続きの内容をレジまぐ版に公開しました。コメントはこちらの方にお願いします。

記事の内容は以下のとおりです。(1)選挙情勢は4年前の「小泉劇場」と同じ構図になっていて、マスコミが勝たせる側に強烈な風を吹かせている。4年前は「改革ファシズム」だったが、今回は「政権交代ファシズム」の様相を呈している。(2)惨敗後の自民党は財界からの資金が止まって組織が干上がるが、それ以上に深刻な問題として政権与党となった民主党との政策の対立軸を失う。(3)財界から資金を得、米国の支持を得、読売新聞の支持を得た民主党は、自民党と同じ支配政党になり、自民党の従来の政策をそのまま受け継ぎ、事実上自民党化する。民主党は自民党になる。(4)支配者側は疑似二大政党体制の保全のため、橋下徹に過激な新自由主義政党を立ち上げさせ、自民党の残党と民主党内の不満分子を糾合し、二大政党の一に育てる。(5)自民党の派閥は雲散霧消し、領袖たちは消え、森喜朗の首領としての活躍もこれで見納めとなる。
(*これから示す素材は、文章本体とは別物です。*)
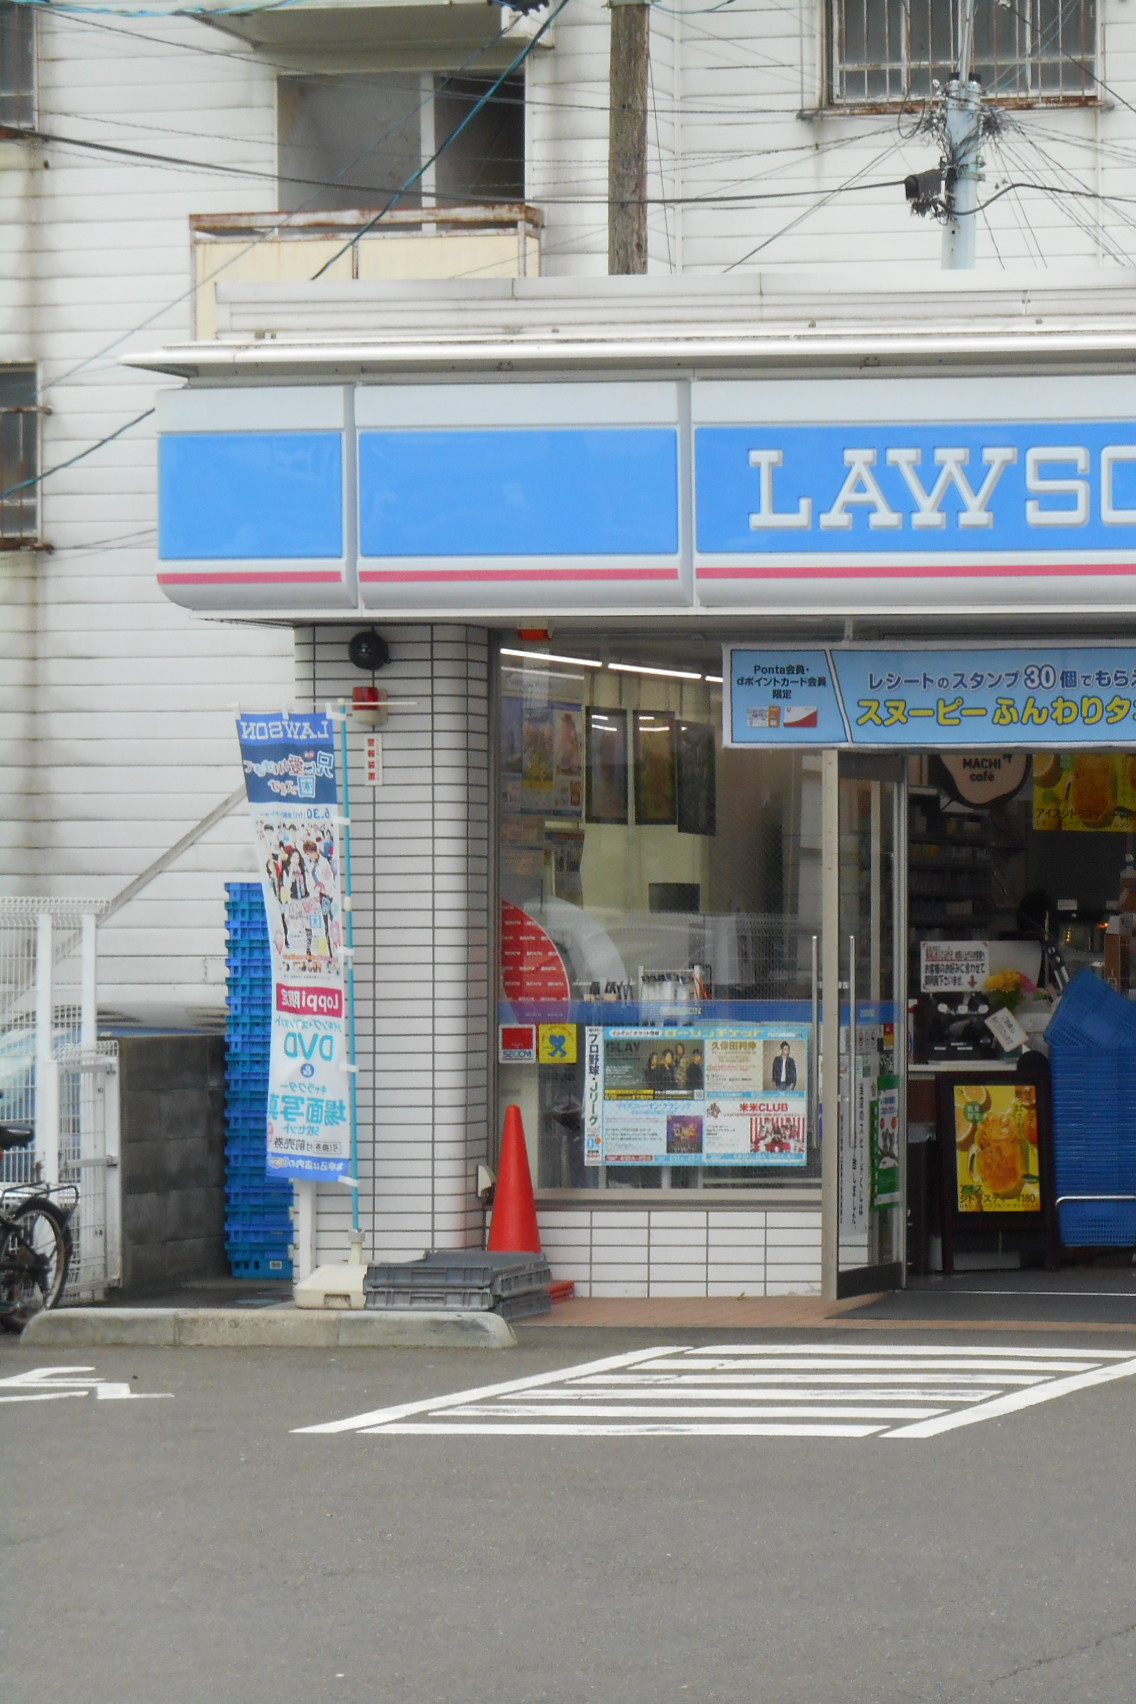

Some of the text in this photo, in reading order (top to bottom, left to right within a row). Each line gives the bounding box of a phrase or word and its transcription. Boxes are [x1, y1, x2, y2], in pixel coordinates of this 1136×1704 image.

[736, 677, 827, 687] dポイントカード会員
[772, 689, 792, 700] 限定
[963, 757, 1001, 769] MACHI
[605, 1041, 642, 1053] GLAY
[502, 1050, 532, 1059] SECOM
[739, 1102, 789, 1113] 米米CLUB
民主党が「政権交代」だけを宿命にして誕生した政党で、二大政党制の実現以外は何の政策理念も政治目標もない政党だったように、自民党もまた、特に冷戦後は、「政権維持」だけが目的で、官僚と財界に癒着奉仕するだけの何の政治理念もない怠惰な支配政党でした。政権与党が入れ替わったとき、民主党は「政権交代」の党是を失い、自民党は「政権維持」の生業を失います。老舗の伝統与党であった自民党が、野党に転んだところで「政権交代」を看板にした政党に生まれ変われるはずがなく、民主党と一緒になって名前を自民党に変えさせ、本部ビルを提供するくらいが関の山でしょう。二大政党の一として緊張感を持って対峙する図はあり得ません。財界(支配者)は、この国の疑似二大政党制をメンテナンスするために、新しく「政権交代」を掲げて挑戦する新野党を作る必要があります。無論、準備はすでに万端ですね。来年の参院選は民主党と新野党が対決する展開が考えられます。